People who develop myocarditis and/or pericarditis after a COVID-19 vaccine should defer further doses and discuss options for further COVID-19 vaccination with their treating doctor.
Pfizer is safe and effective for:
People who are immunocompromised
People who are pregnant, breastfeeding or planning pregnancy.
People who should not have the Pfizer Vaccine
It’s not recommended that you have the Pfizer vaccine if you have had:
a severe allergic reaction (anaphylaxis) to a previous dose of the vaccine
anaphylaxis after exposure to any component of the vaccine, including polyethylene glycol (PEG)

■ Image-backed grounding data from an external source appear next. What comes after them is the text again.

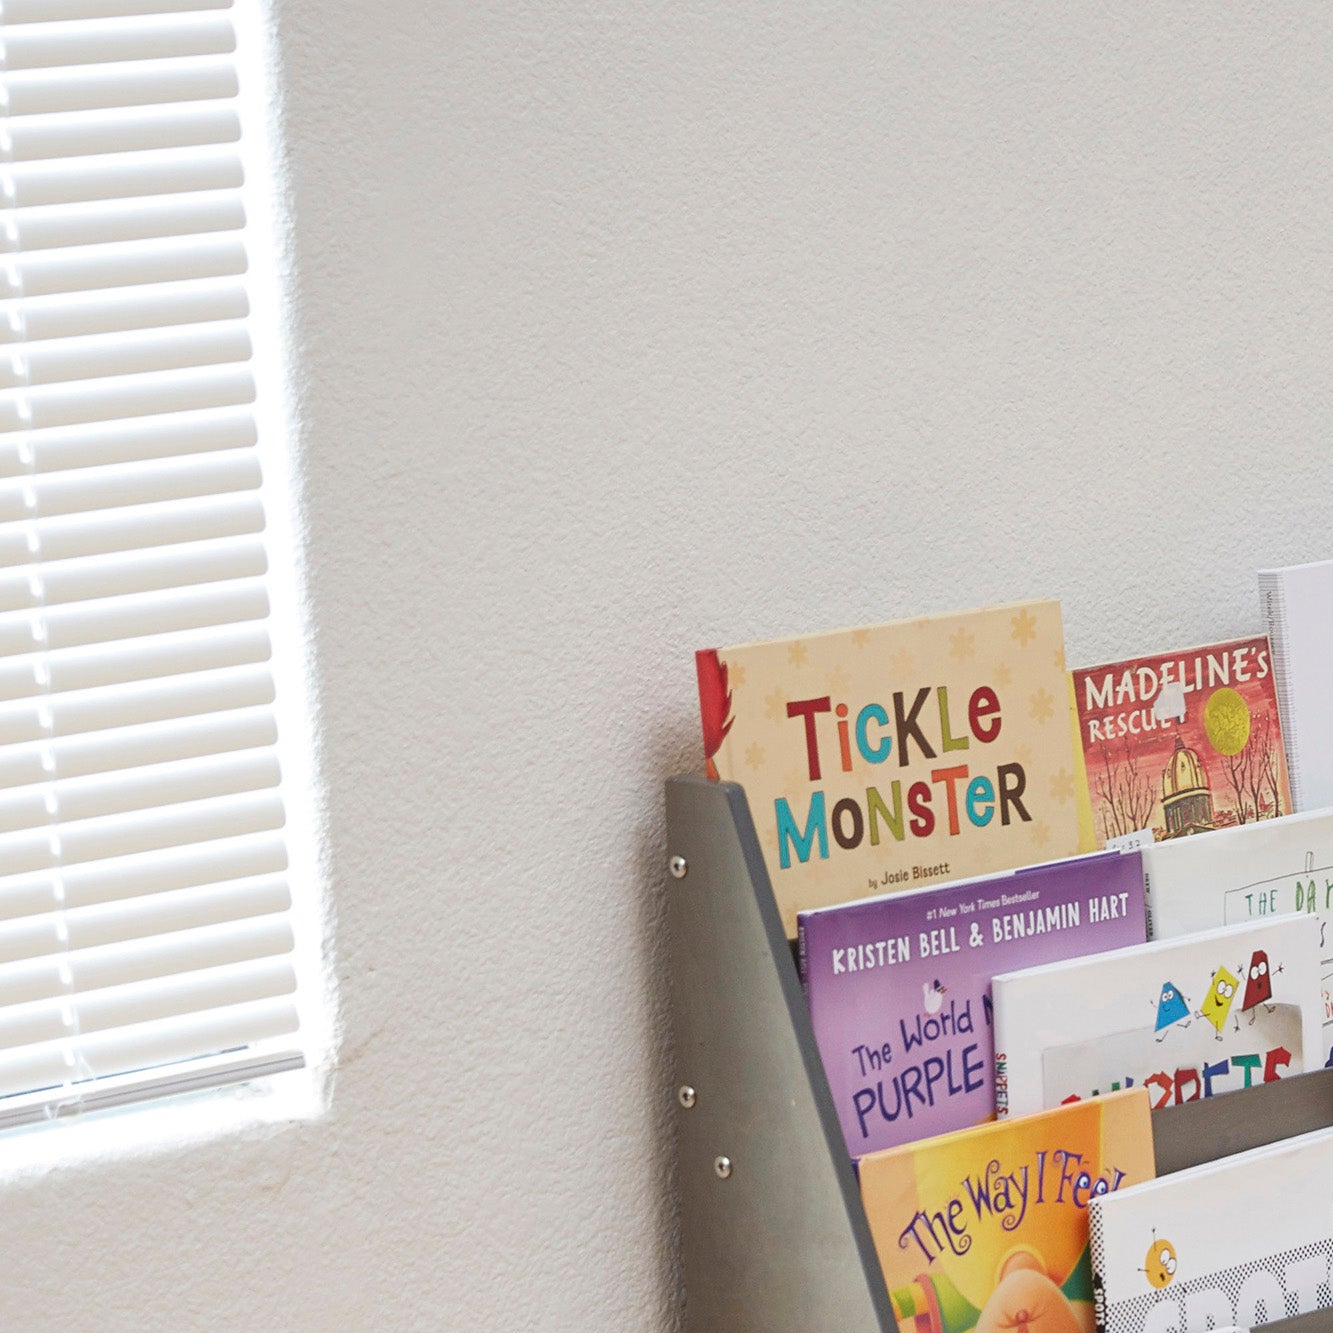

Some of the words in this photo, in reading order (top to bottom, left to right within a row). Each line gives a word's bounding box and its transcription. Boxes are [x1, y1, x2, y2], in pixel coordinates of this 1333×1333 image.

[868, 878, 878, 890] by
[881, 868, 909, 887] Josie
[912, 862, 951, 881] Bissett
[926, 908, 938, 921] #1
[938, 907, 957, 919] New
[959, 902, 976, 915] York
[977, 898, 1000, 911] Times
[1001, 890, 1040, 906] Bestseller
[1244, 888, 1279, 916] THE
[831, 936, 911, 975] KRISTEN
[919, 926, 961, 958] BELL
[968, 922, 985, 948] &
[992, 900, 1082, 944] BENJAMIN
[1088, 892, 1130, 923] HART
[852, 1043, 892, 1078] The
[899, 1000, 975, 1053] World
[852, 1043, 985, 1139] PURPLE
[898, 1198, 972, 1265] The
[962, 1159, 1028, 1232] Way
[1035, 1150, 1049, 1205] I
[1052, 1149, 1127, 1209] Feel

myocarditis and/or pericarditis attributed to a previous dose of the vaccine
any other serious adverse event attributed to a previous dose of an mRNA(Pfizer or Moderna) vaccine.
After your COVID-19 Vaccination
Find out what to do after you are vaccinated for COVID-19, including how to get your vaccination certificate, what you need to do to stay safe, and what to do if you have side effects.
If you have been vaccinated with Pfizer, you should still get a COVID-19 test if you have symptoms that meet testing criteria according to your local health authority (such as fever, cough, or sore throat).